Cameco operates the McArthur River mine, which started production at the end of 1999. Its ore is milled at Key Lake, which once contributed 15% of world uranium production but is now mined out. Its other former mainstay is Rabbit Lake mine, which still has some reserves at Eagle Point mine, where mining resumed in mid-2002 after a three-year break. An underground reserve replacement program is adding to reserves faster than they are being mined.

Areva Resources Canada operates the McClean Lake mine, which started production in mid-1999. Its Cluff Lake mine has now closed, and is being decommissioned.

In December 2004, the Cigar Lake Joint Venture (AREVA Resources Canada 37.1%,
Cameco Corporation 50.025%, Idemitsu Uranium Exploration Canada Ltd. 7.875%, and
TEPCO Resources 5%) partners agreed to proceed with development of the Cigar Lake uranium mine -the second largest known high-grade uranium deposit in the world, after McArthur River. With federal and provincial approvals in place, full construction began in January 2005.

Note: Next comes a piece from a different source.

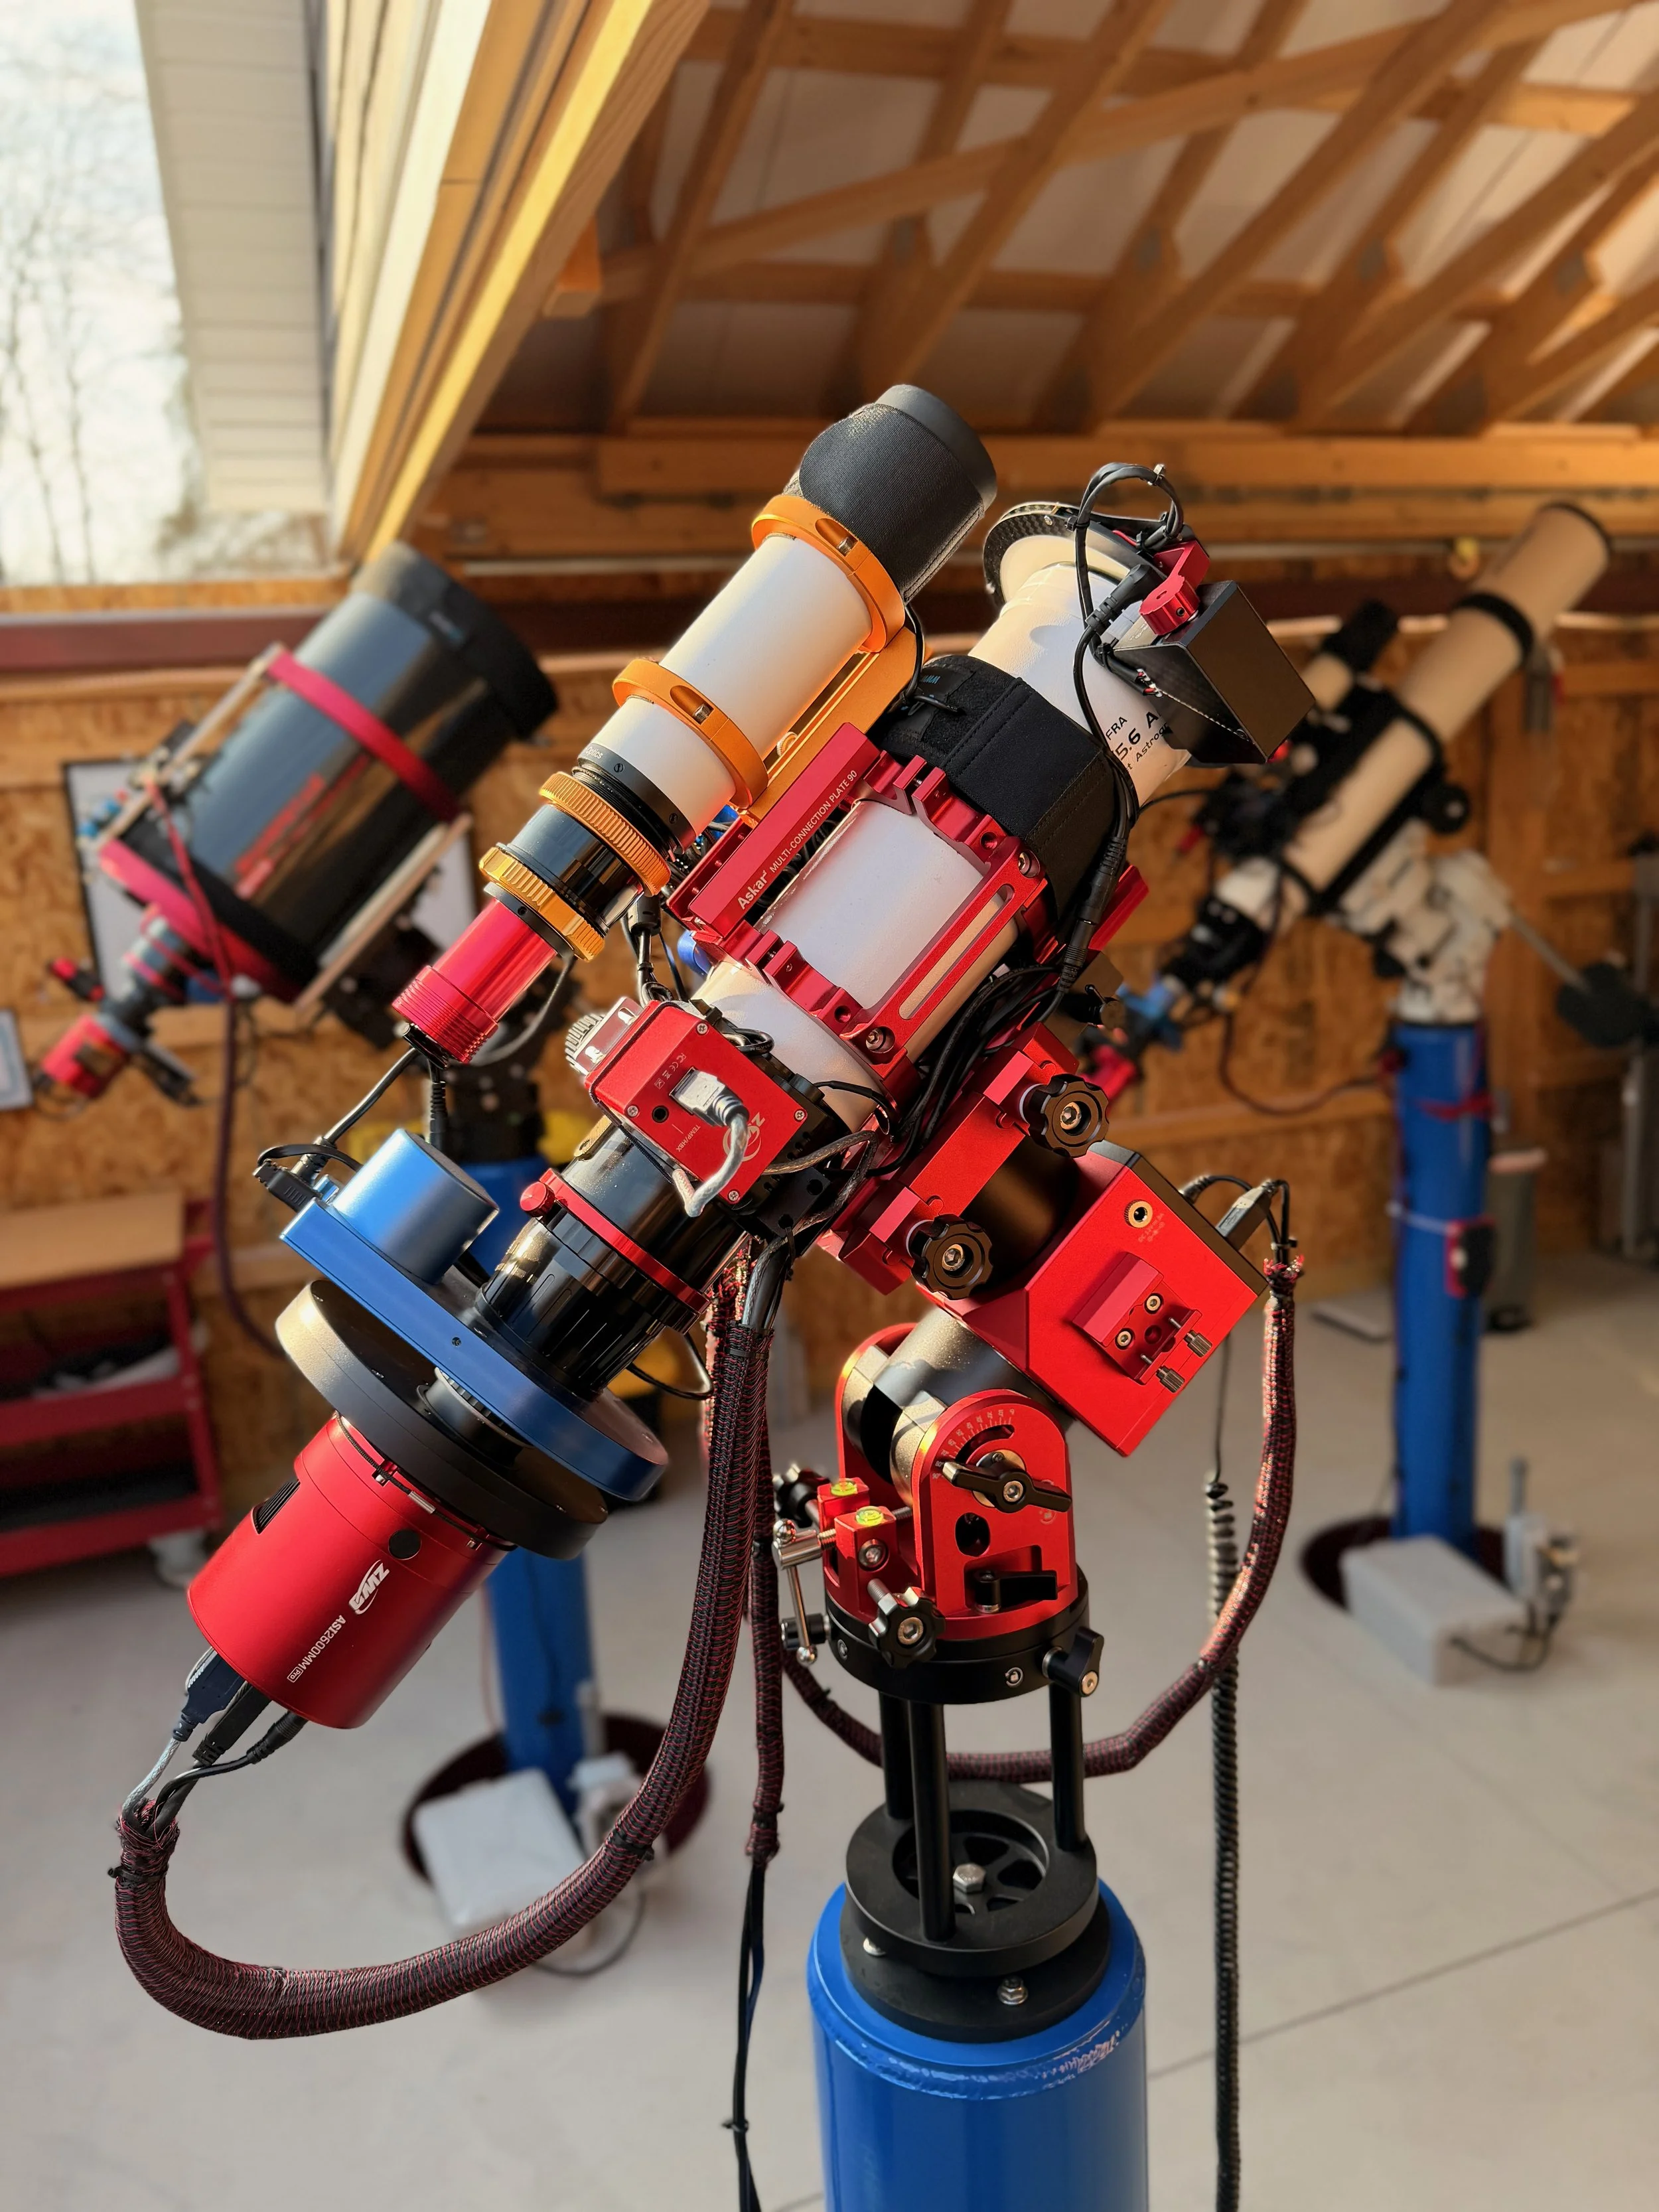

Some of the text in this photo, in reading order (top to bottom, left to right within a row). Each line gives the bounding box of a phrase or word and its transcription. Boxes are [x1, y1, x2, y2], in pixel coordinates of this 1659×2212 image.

All of Canada's uranium production now comes from the high-grade unconformity-type uranium deposits of the Athabasca Basin of northern Saskatchewan, such as Rabbit Lake, McClean Lake, McArthur River, and Cigar Lake.

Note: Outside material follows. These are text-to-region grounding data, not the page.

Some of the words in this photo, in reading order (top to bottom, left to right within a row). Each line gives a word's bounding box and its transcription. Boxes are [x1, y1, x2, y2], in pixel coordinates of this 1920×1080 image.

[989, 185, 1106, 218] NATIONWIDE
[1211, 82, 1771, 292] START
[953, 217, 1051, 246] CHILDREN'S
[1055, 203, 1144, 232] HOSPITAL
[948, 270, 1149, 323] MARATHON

The uranium industry invested at least CDN $3.5 billion during the 20th century, with capital investment in mines of CDN $2.5 billion, and exploration and predevelopment expenditures exceeding CDN $1 billion. Adjusting for inflation, there have been three investment booms. The first small one came with the initial developments in the Beaverlodge area in the 1950s. The second and largest boom was in the 1970s, with the opening of the Cluff and Rabbit lake mines, and the third was in the 1990s with the development of the higher grade ores on the east side.

==Nuclear waste management==
Radioactive waste in Canada can be grouped into three broad categories: nuclear fuel waste, low-level radioactive waste, and uranium mill tailings. The most recent inventory of these wastes is provided in the LLRWMO 2004 report. At the end of 2003, the total amount of nuclear fuel waste was 6,800 m^{3}.

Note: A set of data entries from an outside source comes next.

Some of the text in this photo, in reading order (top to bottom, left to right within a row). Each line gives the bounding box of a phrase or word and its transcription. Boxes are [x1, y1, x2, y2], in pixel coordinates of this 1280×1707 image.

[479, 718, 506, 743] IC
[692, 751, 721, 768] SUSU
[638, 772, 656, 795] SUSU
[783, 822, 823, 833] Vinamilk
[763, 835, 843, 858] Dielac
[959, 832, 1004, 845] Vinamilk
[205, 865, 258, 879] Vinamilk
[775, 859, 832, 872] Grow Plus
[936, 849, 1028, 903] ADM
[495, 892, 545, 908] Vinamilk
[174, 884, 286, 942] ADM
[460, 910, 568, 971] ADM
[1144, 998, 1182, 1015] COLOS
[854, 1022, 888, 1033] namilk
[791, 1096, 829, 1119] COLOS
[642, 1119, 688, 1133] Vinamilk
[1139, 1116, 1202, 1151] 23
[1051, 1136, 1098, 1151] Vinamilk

Canada's used nuclear fuel is now safely stored at licensed facilities at the reactor sites. On site storage options are expected to perform well over the near term; however, existing reactor sites were not chosen for their suitability as permanent storage sites. Furthermore, the communities hosting the nuclear reactors have a reasonable expectation that used nuclear fuel will eventually be moved.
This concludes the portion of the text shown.